I apologize for the shottiness of my final presentation pic.  I've been thinking about these bad boys for two days, so I kinda rushed through at the end to "get em while they're hot"

Started out with a pound and a half of large fresh scallops. I have to add that you'll notice the side items, Italian sausage stuffed mushroom caps and bacon wrapped stuffed jalapenos.  If you've never been to a Mariano's grocery store, (it was my first time), you can't just leave there with just one item.  Holy smokes!!!

Anyway, so far as the scallops go, I started by rinsing and drying them.  Lightly sea salting and a dash of lemon pepper.  Heated the MES up to 200 and smoked with alder for about 25-30 min.  Pulled them out, and finished them off in the cast iron skillet for a couple of minutes each side.  

My sauce left a bit to be desired.  Butter, orange and lemon juice, garlic.  Tasted great, but would have liked it to be a bit thicker.  

All in all they were awesome, but with a better sauce they would have been phenominal.  the half hour of smoke was just about right.  It wasn't overpowering, but it was there.  The wife even loved them, and she tends to "complain" about oversmoking.    

It was a great day, except, like I said, going to a Mariano's, I over bought, therefore, I over ate.  LOL.

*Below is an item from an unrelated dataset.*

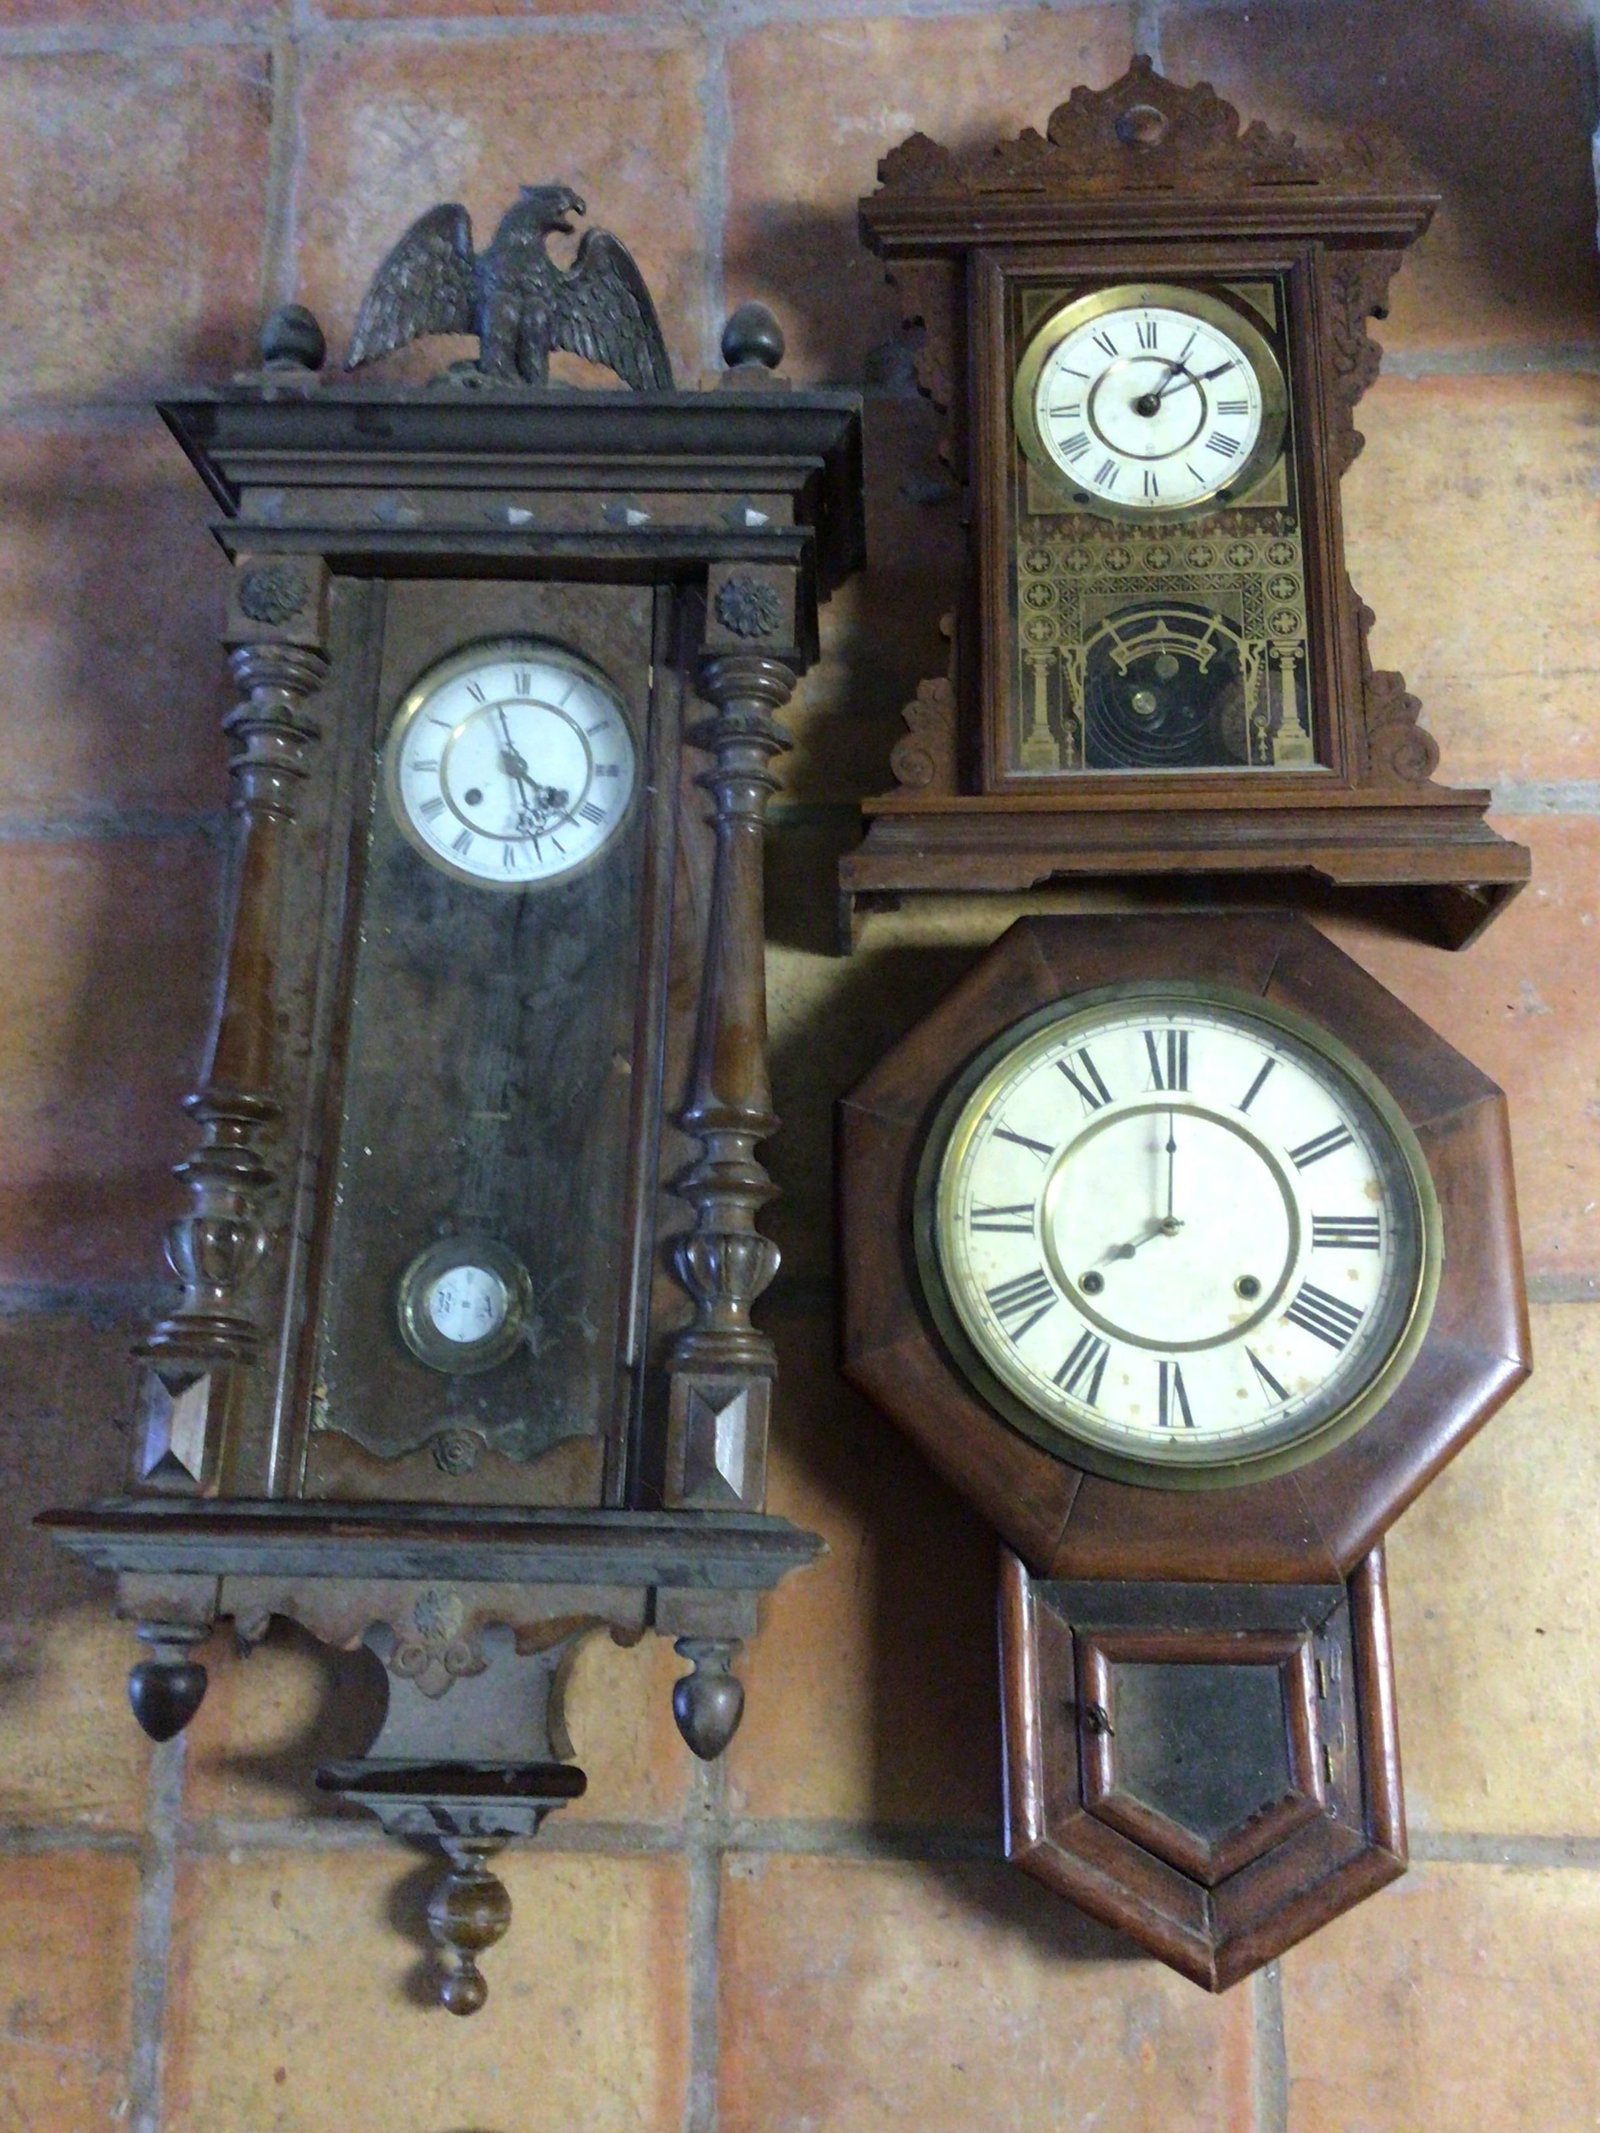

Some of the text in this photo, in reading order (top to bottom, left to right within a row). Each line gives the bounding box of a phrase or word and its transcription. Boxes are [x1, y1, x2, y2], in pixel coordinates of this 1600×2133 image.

Have a great Christmas everyone!!!!


----------



## cmayna (Dec 23, 2017)

God! Those look good.  Do I see a stuffed mushroom over on the right side?   Was it smoked as well?


----------



## mike5051 (Dec 23, 2017)

Great smoke!  "Point"

Mike


----------



## SmokinAl (Dec 24, 2017)

Those look fantastic!
Something I have wanted to do forever, but just never got around to it!
Congrats on making the carousel!
Al


----------



## capatin awesome (Dec 24, 2017)

cmayna said:


> God! Those look good.  Do I see a stuffed mushroom over on the right side?   Was it smoked as well?


In hindsight, I didn't smoke the shrooms.  And I probably could have thrown those jalapenos in there for a bit as well.  Oh well, next time


----------



## capatin awesome (Dec 24, 2017)

Since  we get to fly solo for the first time on Christmas day, we have a couple of ribeyes for the grill and some lobster tails we're gonna try on the smoker.  I'm actually getting excited about Christmas


----------



## griz400 (Dec 24, 2017)

Very nice and good lookin fair size scallops .. point to you


----------



## crazymoon (Dec 24, 2017)

CA, Those scallops look excellent ,nice smoke !


----------



## chilerelleno (Dec 25, 2017)

Oh yeah, those scallops look delicious.
Nice, ya made the Carousel.


----------



## browneyesvictim (Dec 27, 2017)

Dang it man! Shellfish are my favorite and those look perfect! So jealous! Congrats on the carousel.


----------